THE PROBLEM:
Faithfully repeat each entry below, minus the pictures.

EXTRACTED MATERIAL:
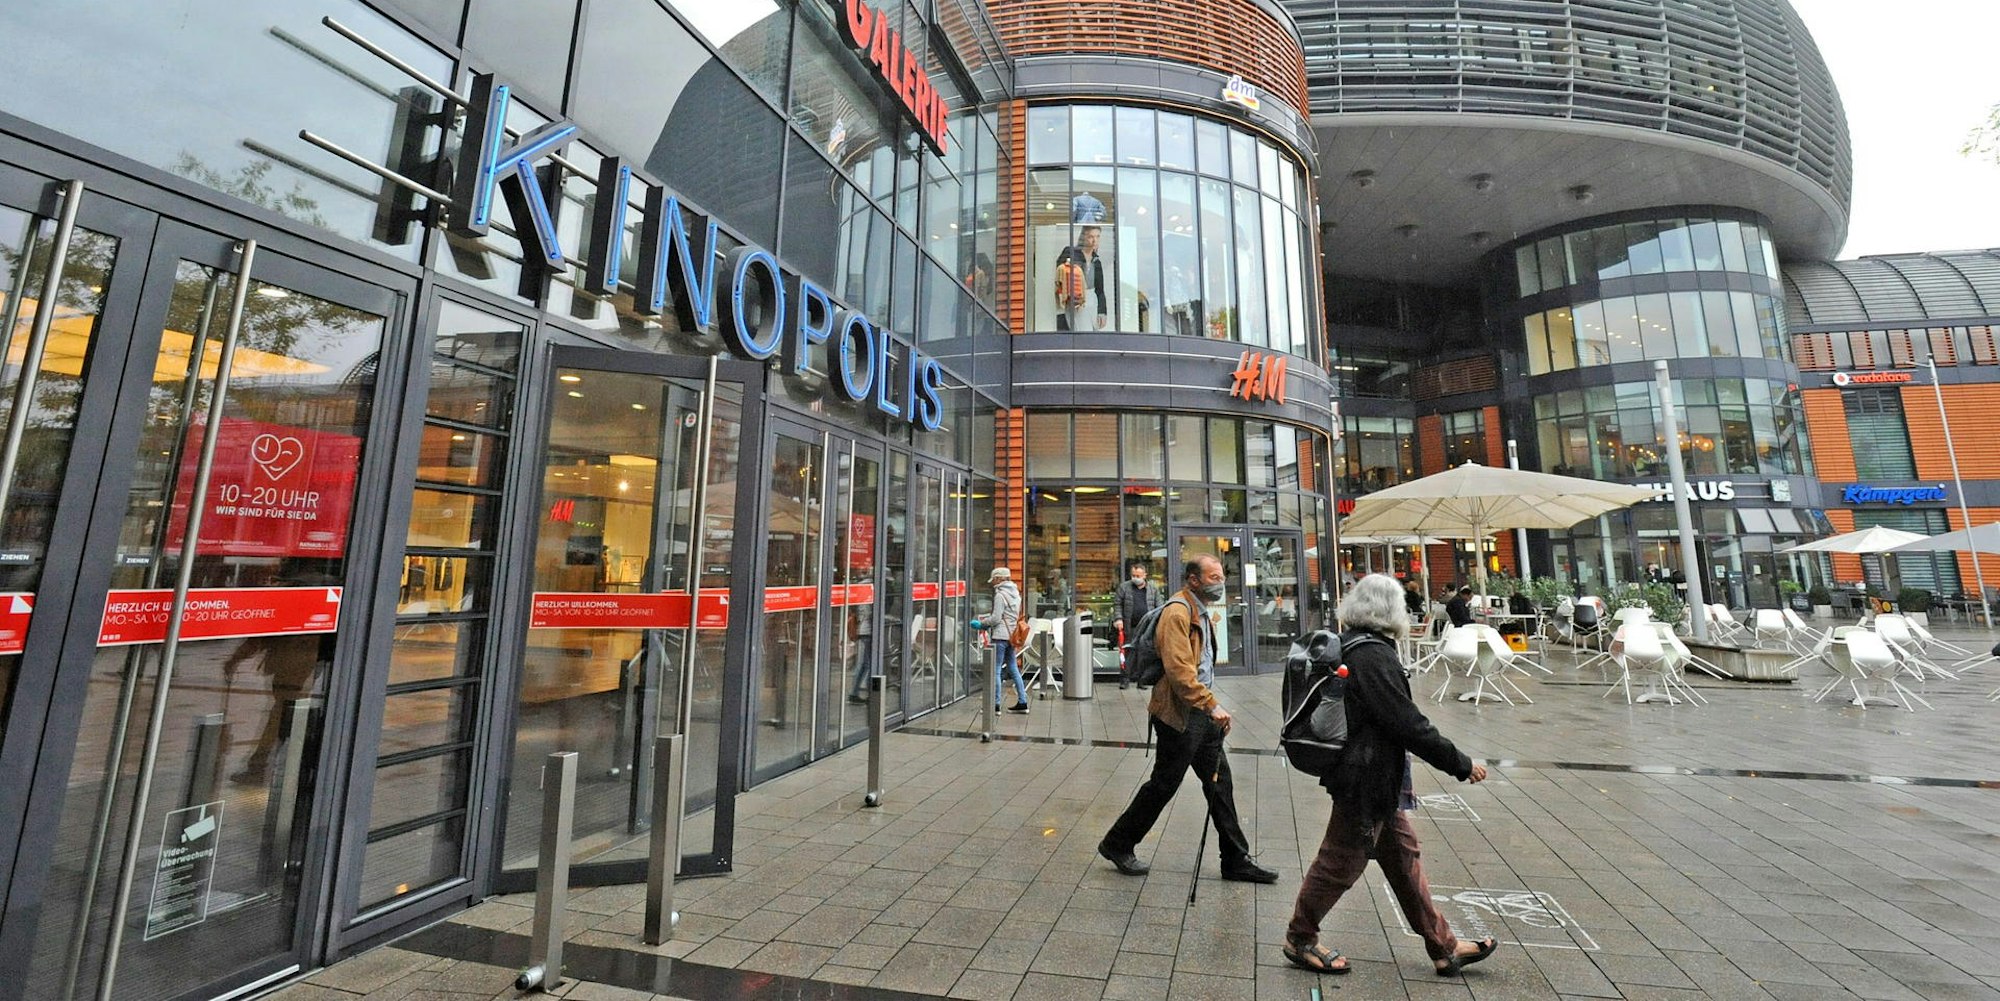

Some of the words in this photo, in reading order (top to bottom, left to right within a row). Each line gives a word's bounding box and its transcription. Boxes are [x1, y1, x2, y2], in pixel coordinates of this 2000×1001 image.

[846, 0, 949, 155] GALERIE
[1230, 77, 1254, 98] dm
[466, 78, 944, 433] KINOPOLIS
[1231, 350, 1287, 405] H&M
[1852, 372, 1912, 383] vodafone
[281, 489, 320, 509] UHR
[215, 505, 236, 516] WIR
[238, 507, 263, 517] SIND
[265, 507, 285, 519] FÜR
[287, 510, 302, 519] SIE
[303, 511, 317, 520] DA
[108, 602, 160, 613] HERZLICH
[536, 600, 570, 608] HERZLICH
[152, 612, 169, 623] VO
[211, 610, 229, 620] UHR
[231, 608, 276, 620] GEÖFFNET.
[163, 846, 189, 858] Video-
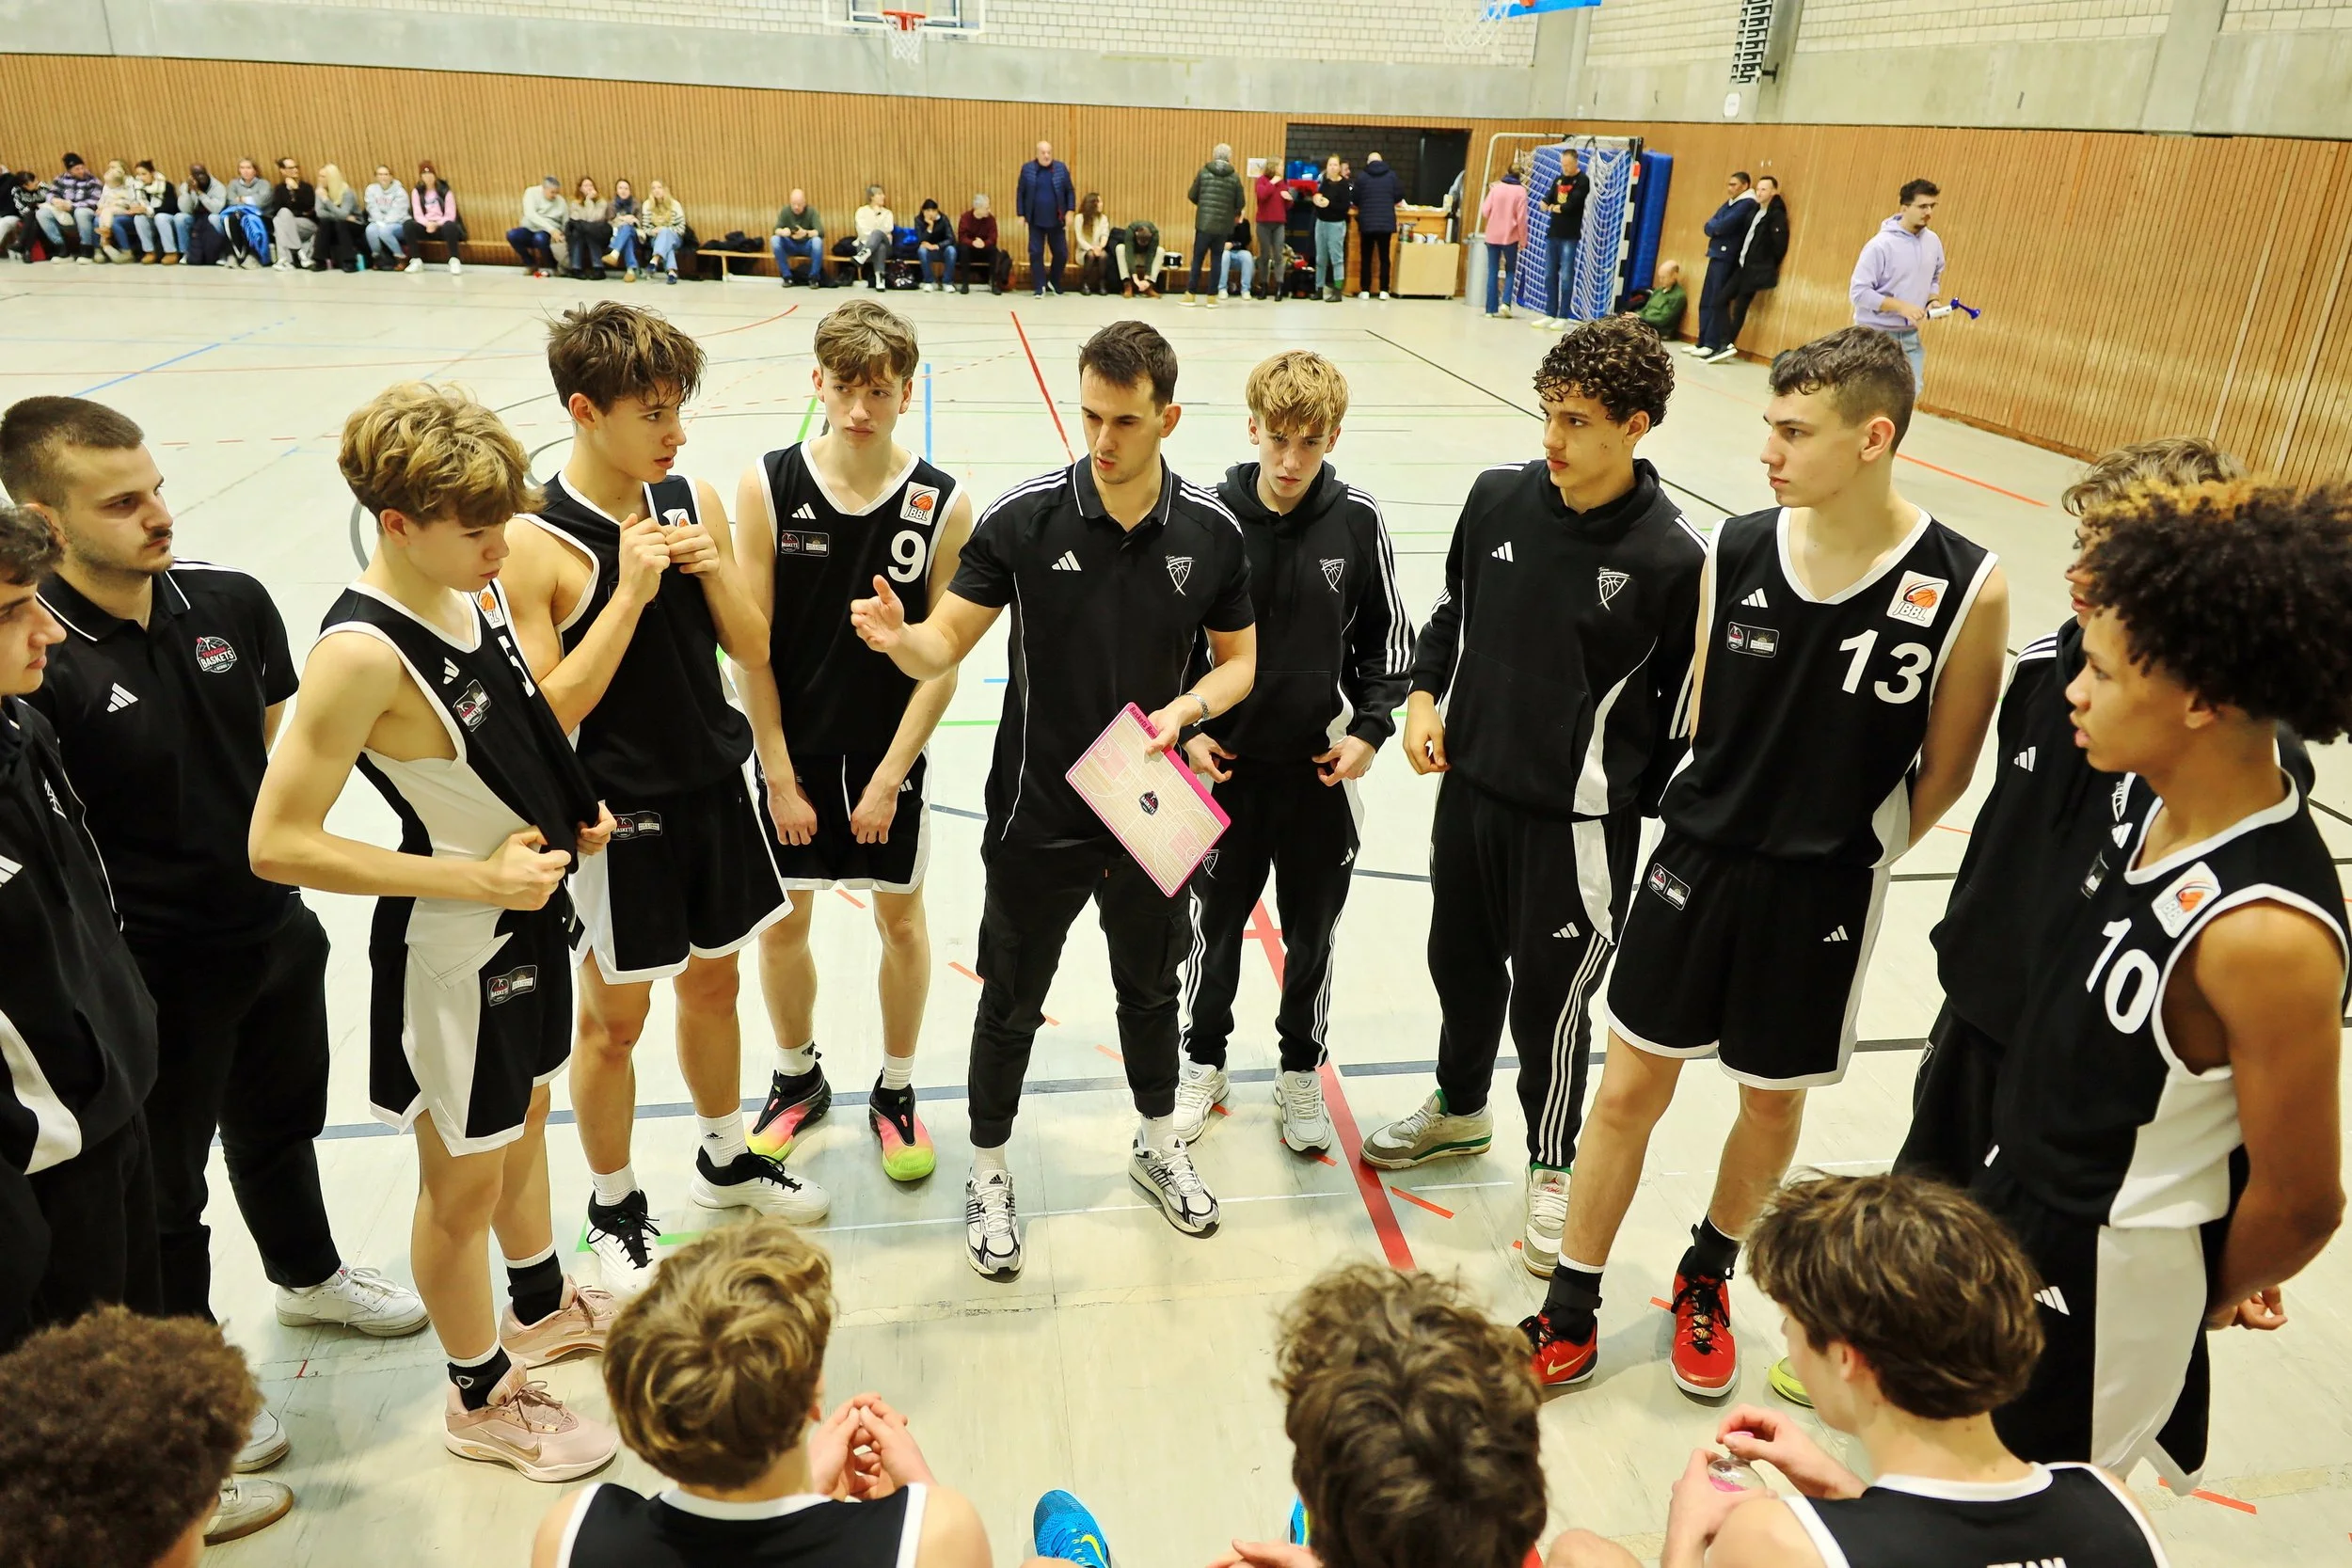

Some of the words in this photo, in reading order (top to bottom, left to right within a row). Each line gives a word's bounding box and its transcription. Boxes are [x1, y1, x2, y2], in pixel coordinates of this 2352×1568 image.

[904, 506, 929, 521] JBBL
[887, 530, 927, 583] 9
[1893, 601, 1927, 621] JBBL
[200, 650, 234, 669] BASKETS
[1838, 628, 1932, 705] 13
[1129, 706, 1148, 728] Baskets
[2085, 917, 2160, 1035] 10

RESPONSE FOR THIS EXERCISE:
Some of the words in this photo, in reading order (top to bottom, left to right within a row). Each line gives a word's bounding box and its transcription. Boxes are [x1, y1, x2, y2], in pixel coordinates of this 2000×1001 image.

[846, 0, 949, 155] GALERIE
[1230, 77, 1254, 98] dm
[466, 78, 944, 433] KINOPOLIS
[1231, 350, 1287, 405] H&M
[1852, 372, 1912, 383] vodafone
[281, 489, 320, 509] UHR
[215, 505, 236, 516] WIR
[238, 507, 263, 517] SIND
[265, 507, 285, 519] FÜR
[287, 510, 302, 519] SIE
[303, 511, 317, 520] DA
[108, 602, 160, 613] HERZLICH
[536, 600, 570, 608] HERZLICH
[152, 612, 169, 623] VO
[211, 610, 229, 620] UHR
[231, 608, 276, 620] GEÖFFNET.
[163, 846, 189, 858] Video-

Some of the words in this photo, in reading order (top to bottom, left to right within a row). Each line gives a word's bounding box and its transcription. Boxes are [x1, y1, x2, y2], in pixel coordinates of this 2352×1568 image.

[904, 506, 929, 521] JBBL
[887, 530, 927, 583] 9
[1893, 601, 1927, 621] JBBL
[200, 650, 234, 669] BASKETS
[1838, 628, 1932, 705] 13
[1129, 706, 1148, 728] Baskets
[2085, 917, 2160, 1035] 10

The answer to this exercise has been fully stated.